There are still 3 possible outcomes with the UK becoming an unlisted country or a Part 1 / 2 listed country.  What documentation you will need and what steps you will need to take to travel with your pets abroad will depend on which of these categories the UK become to the rest of the EU.


This means that pets require a blood test to show their rabies protection is adequate. The test can be taken at any time after vaccination. However, as rabies vaccinations are only given every 3 years, levels may not show sufficiently high to ‘pass’ the test if the sample is taken a long time after vaccination, despite immunity being present and effective.

The ideal time to take a blood sample to (nearly always) ensure a ‘pass’ is approximately a month after vaccination.

Those pets who are already vaccinated and have a PETS passport would require a blood test and a ‘pass’ achieved. Those that fail would need to be revaccinated and retested a month later. To maximise your chance of a successful pass it is often best to revaccinate and test a month later to ensure high levels of immunity.

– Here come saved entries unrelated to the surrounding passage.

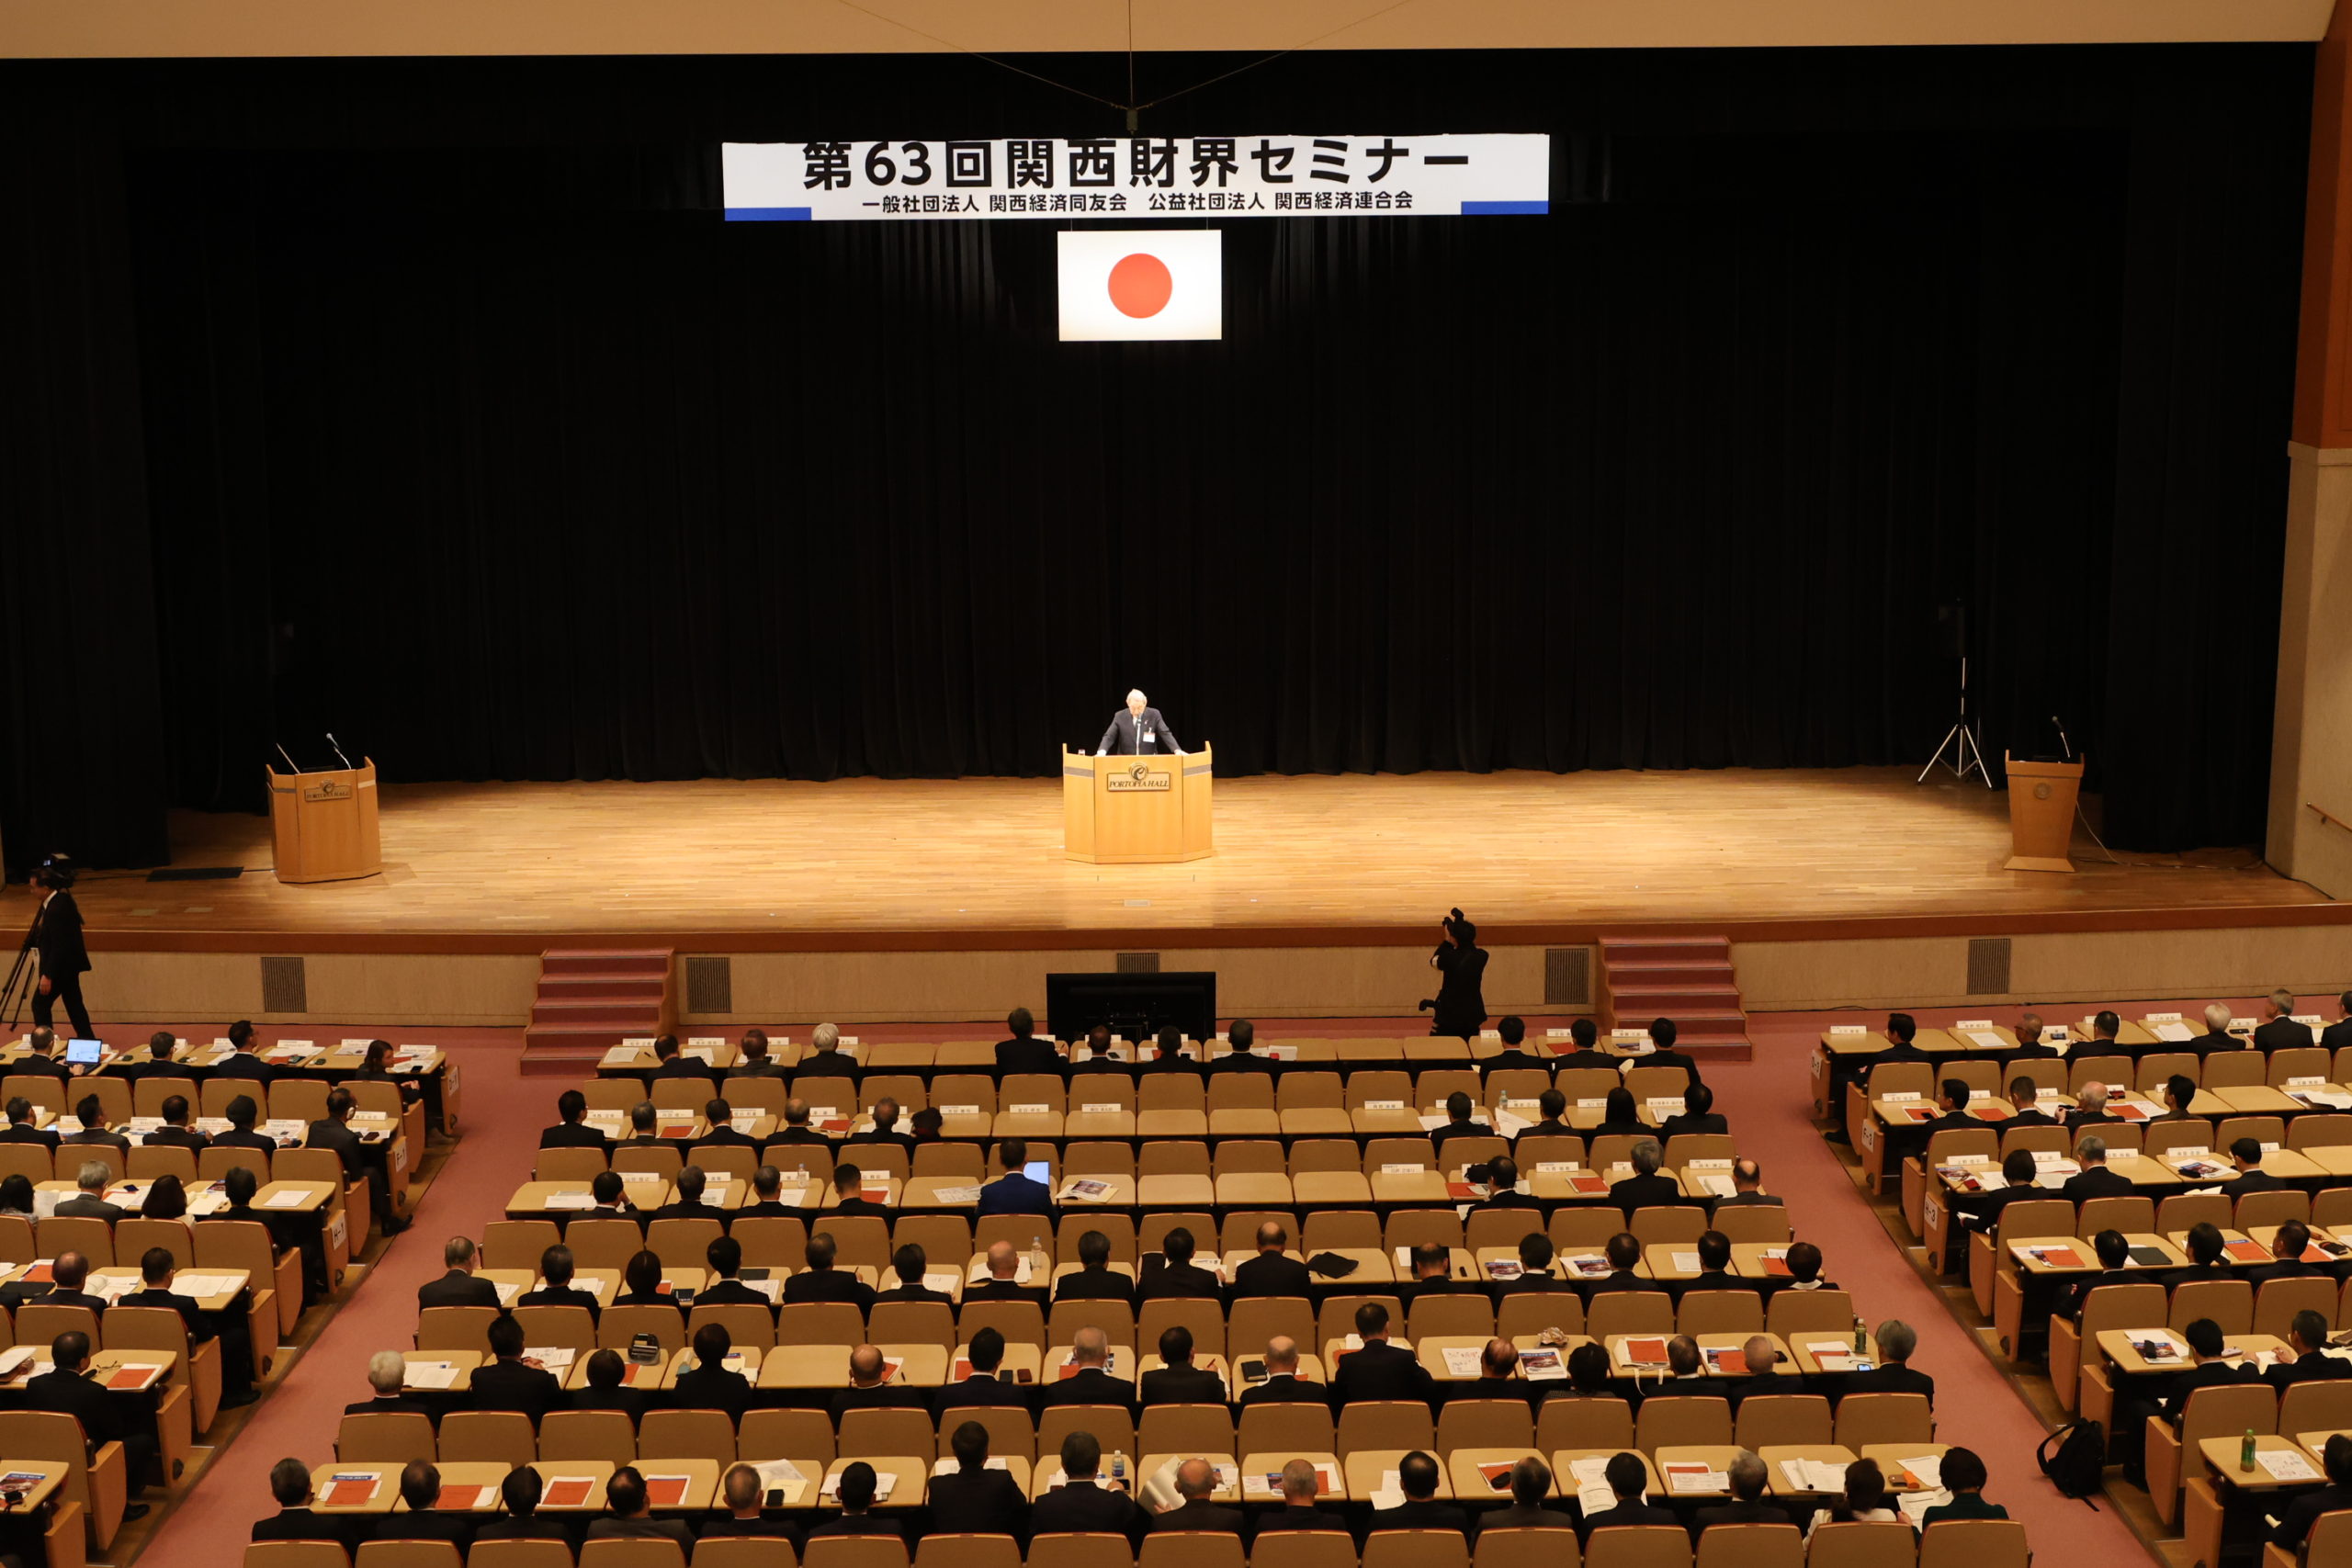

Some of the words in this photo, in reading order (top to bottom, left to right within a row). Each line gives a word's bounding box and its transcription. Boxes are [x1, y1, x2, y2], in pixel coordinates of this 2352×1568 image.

[803, 138, 1469, 190] 第63回関西財界セミナー
[862, 194, 979, 214] 一般社団法人
[989, 193, 1127, 212] 関西経済同友会
[1148, 191, 1265, 211] 公益社団法人
[1274, 190, 1413, 209] 関西経済連合会
[1109, 780, 1147, 788] PORTOPIA
[1148, 779, 1169, 787] HALL

If the test is passed, then you will have to wait 3 months before you can travel with your pet.  The 3 months is timed from the date the blood test is taken which must be at least 30 days after the rabies vaccination.  This means that it could be a 4 month wait until your pet can travel.

Other changes may well be the need to obtain an Animal Health Certificate from your vet every time you travel abroad rather than using the same passport each time.  There will also be designated points of entry to other countries rather than the full choice of routes and entries that we have currently.

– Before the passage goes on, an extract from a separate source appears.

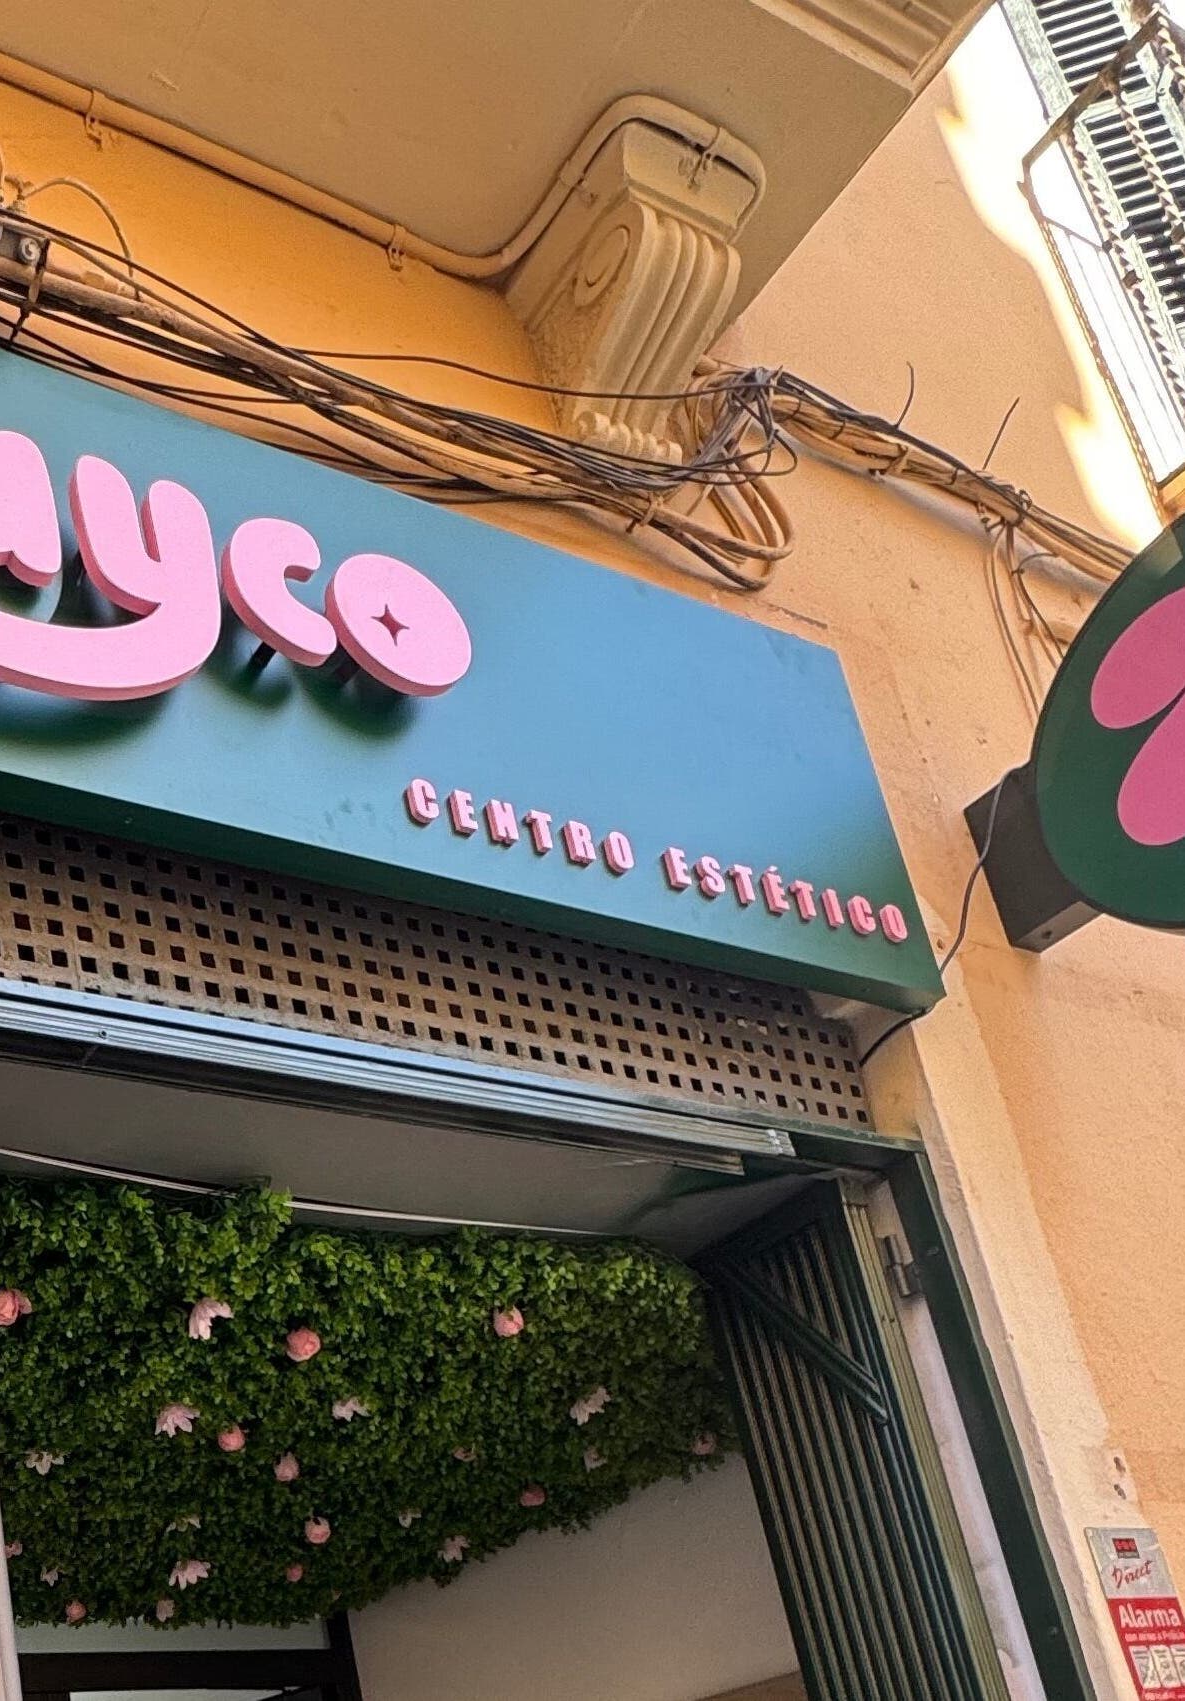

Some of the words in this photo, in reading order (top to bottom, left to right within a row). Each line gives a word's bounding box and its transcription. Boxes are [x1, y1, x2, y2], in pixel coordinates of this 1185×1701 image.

It will also be necessary to keep rabies vaccinations up to date and not let them lapse / go overdue as this could mean repeating the blood test.

Hopefully some or all of this won’t be needed if we get an agreement and we become a listed county.

If you plan to travel early in 2021 and want to be sure of no issues, it may be worth planning and doing some of this now so that your plans will not be interrupted.

Some clients went through this process last year and this will not need to be repeated.

Ideally, we wait and see how the situation is resolved and make plans for paperwork and travel later based on the decision. Perhaps not planning to travel in the first few months of 2021 would be prudent.